RECORDS PROVIDED >>
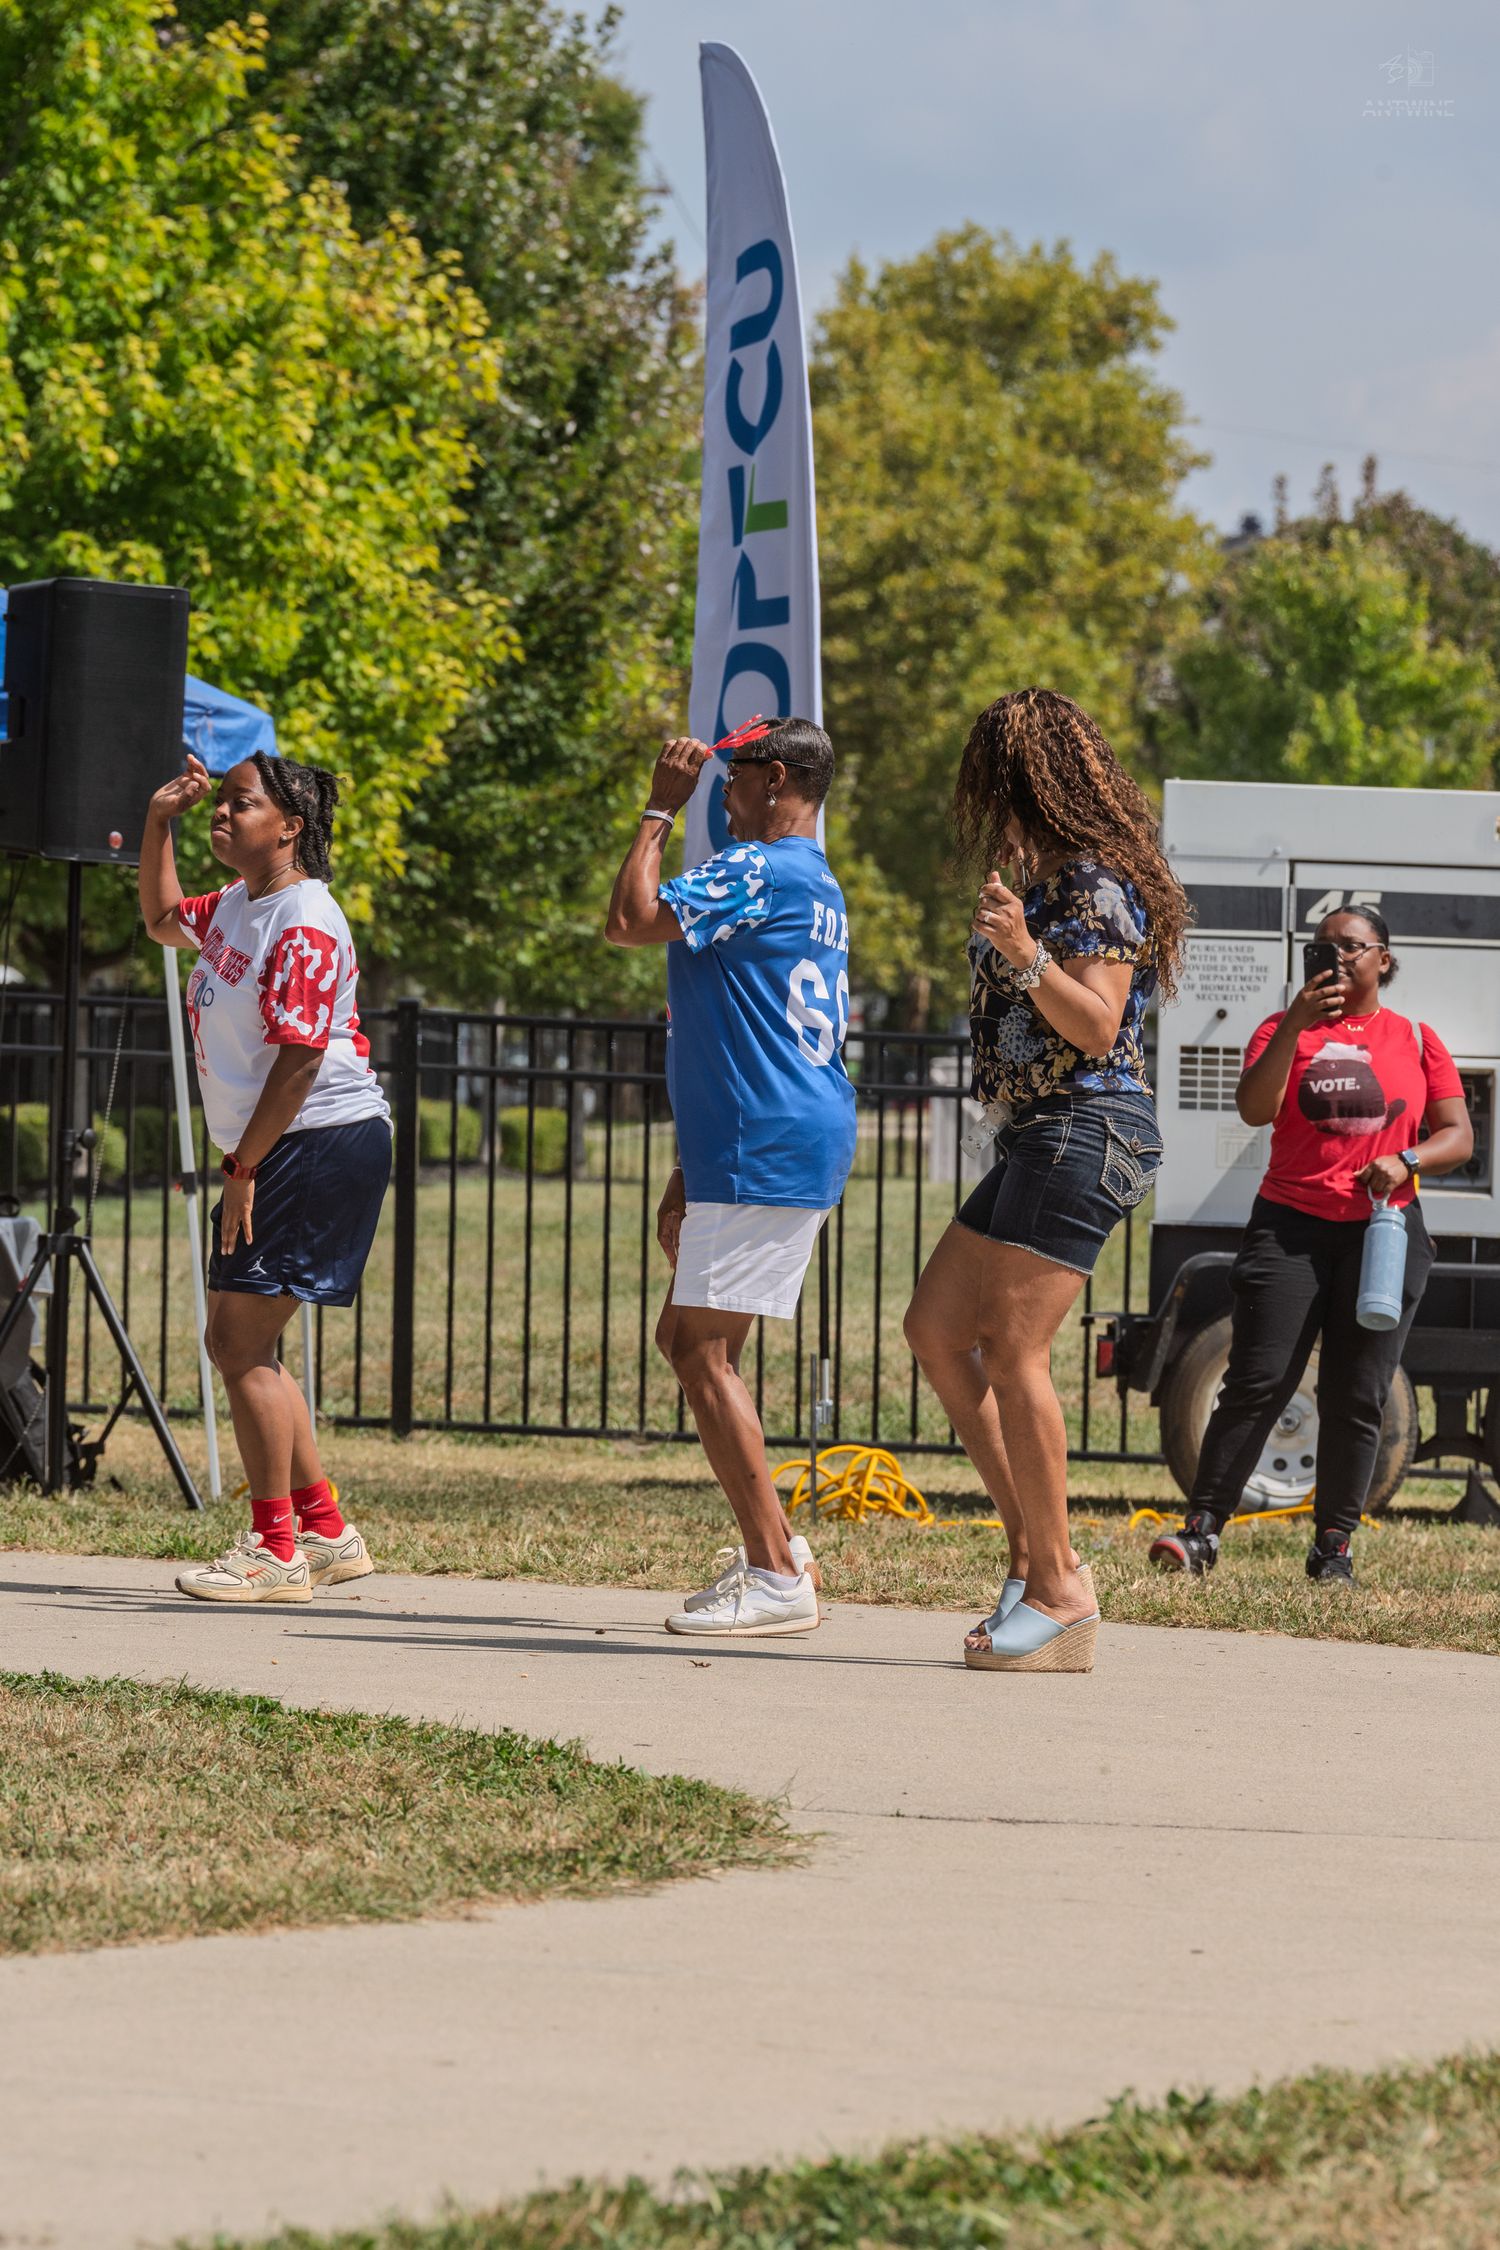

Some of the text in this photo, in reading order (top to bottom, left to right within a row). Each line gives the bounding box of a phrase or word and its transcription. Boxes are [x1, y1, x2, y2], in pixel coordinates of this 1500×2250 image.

[1190, 945, 1254, 953] PURCHASED
[1222, 955, 1255, 963] FUNDS
[1250, 965, 1268, 973] THE
[1199, 974, 1267, 983] DEPARTMENT
[1183, 983, 1261, 992] OF HOMELAND
[1196, 994, 1246, 1002] SECURITY
[1309, 1077, 1361, 1094] VOTE.
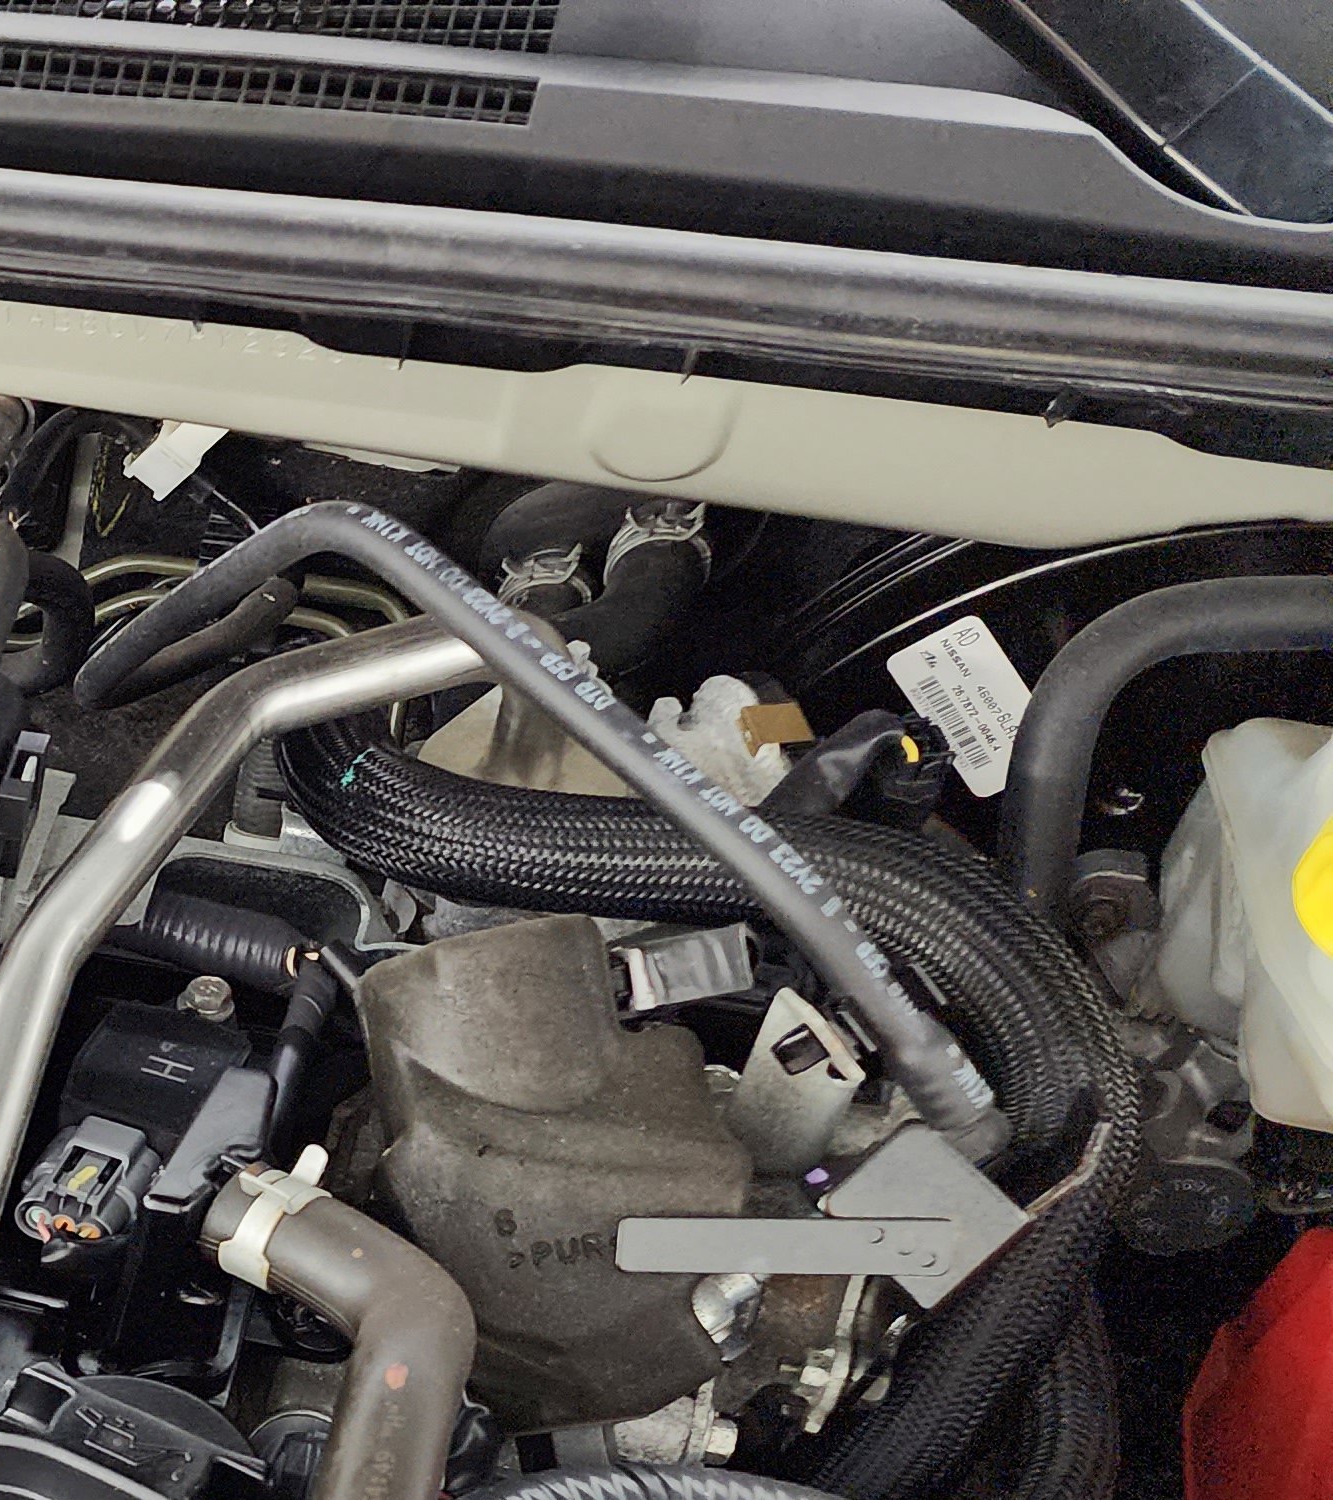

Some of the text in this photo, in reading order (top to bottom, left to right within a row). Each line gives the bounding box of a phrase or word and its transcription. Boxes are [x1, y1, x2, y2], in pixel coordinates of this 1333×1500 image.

[953, 627, 980, 648] AD
[940, 639, 971, 678] NISSAN
[698, 777, 743, 822] NOT
[737, 809, 775, 847] DO
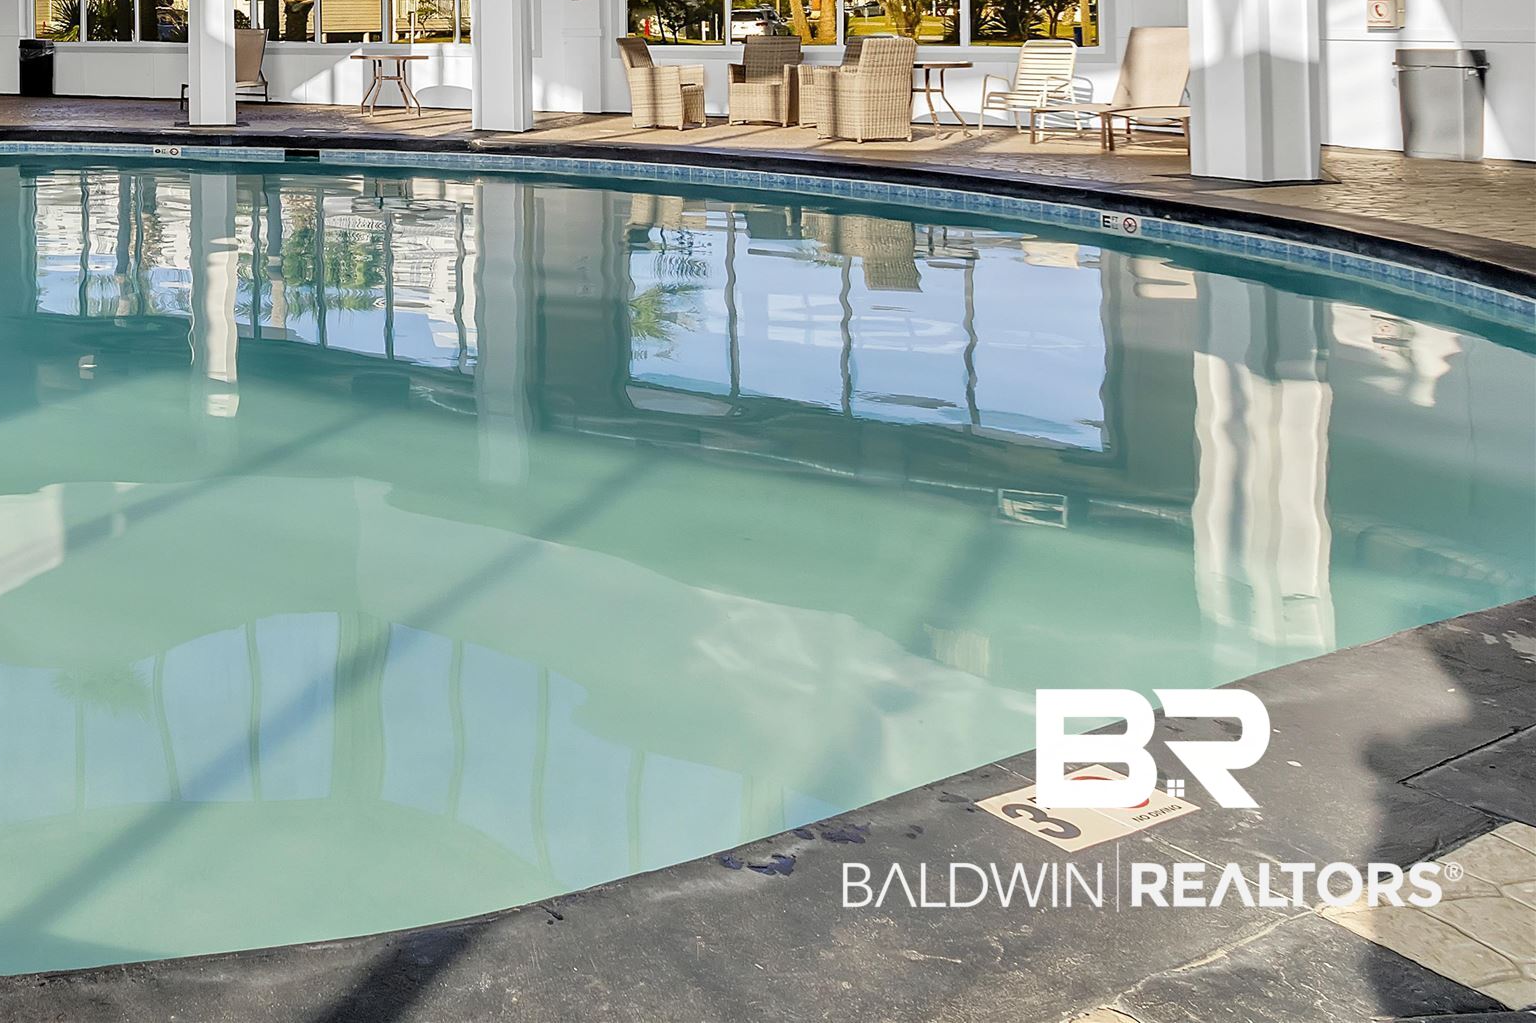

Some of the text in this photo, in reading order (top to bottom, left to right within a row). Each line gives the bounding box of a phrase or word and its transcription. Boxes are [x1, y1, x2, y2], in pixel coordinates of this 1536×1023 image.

[1001, 803, 1082, 840] 3
[1132, 804, 1182, 823] NO DIVING
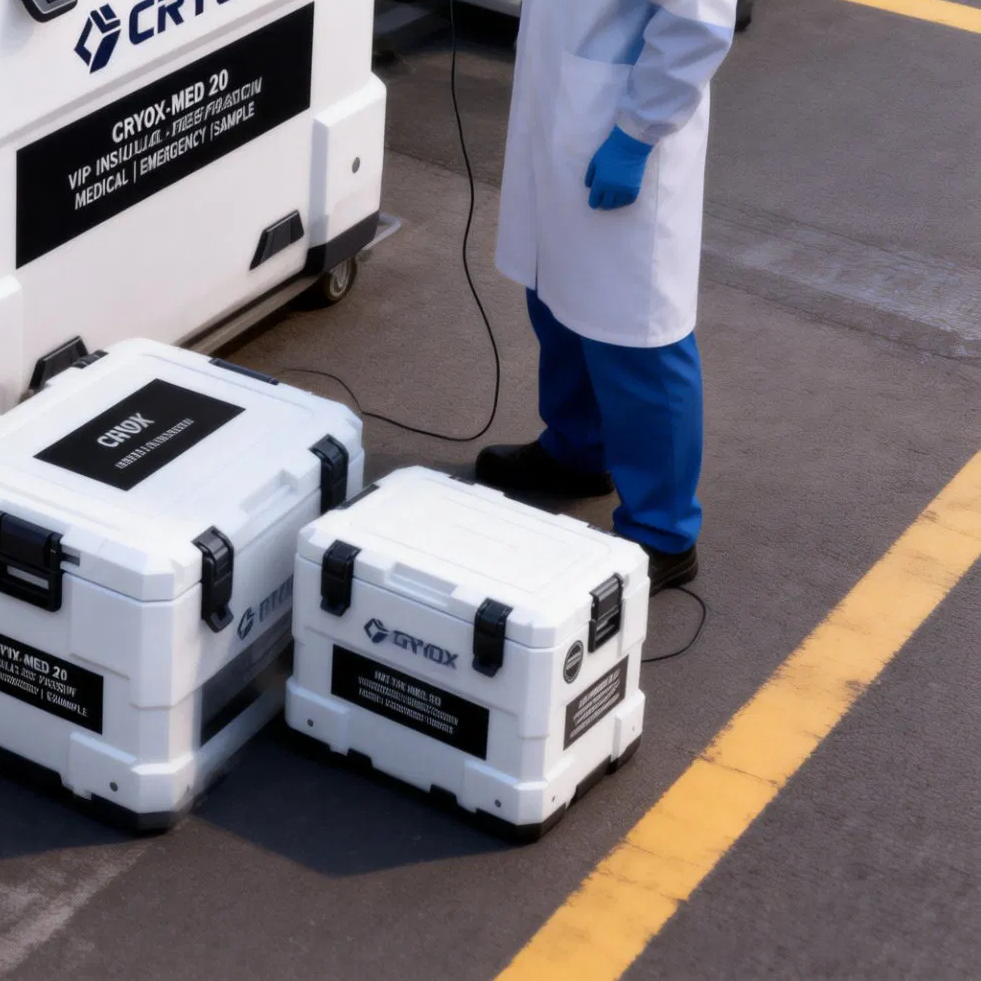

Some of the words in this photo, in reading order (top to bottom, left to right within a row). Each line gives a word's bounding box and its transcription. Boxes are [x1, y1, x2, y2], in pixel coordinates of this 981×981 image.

TASK BRIEF >>
Nothing but the text of the listing should be set down, exactly, with the pictures left behind.

RESPONSE TO THE TASK >>
Some of the text in this photo, in reading order (top to bottom, left to right within a row). Each line gives the bounding box of a phrase or word and its transcription. Boxes are [x1, y1, x2, y2], in pixel coordinates of this 1500×2250 image.

[1190, 945, 1254, 953] PURCHASED
[1222, 955, 1255, 963] FUNDS
[1250, 965, 1268, 973] THE
[1199, 974, 1267, 983] DEPARTMENT
[1183, 983, 1261, 992] OF HOMELAND
[1196, 994, 1246, 1002] SECURITY
[1309, 1077, 1361, 1094] VOTE.

Some of the text in this photo, in reading order (top to bottom, left to right within a row). Each line gives the bounding box of a phrase or word and its transcription. Boxes are [x1, y1, x2, y2], in pixel coordinates of this 1333×1500 image.

[953, 627, 980, 648] AD
[940, 639, 971, 678] NISSAN
[698, 777, 743, 822] NOT
[737, 809, 775, 847] DO

Some of the text in this photo, in reading order (top to bottom, left to right within a row). Each line gives the bounding box of a phrase or word and its transcription. Boxes are [x1, y1, x2, y2], in pixel coordinates of this 1536×1023 image.

[1001, 803, 1082, 840] 3
[1132, 804, 1182, 823] NO DIVING

Some of the words in this photo, in reading order (top to bottom, left to right within a row). Each line gives a word's bounding box and its transcription. Boxes are [x1, y1, x2, y2], in pixel coordinates of this 981×981 image.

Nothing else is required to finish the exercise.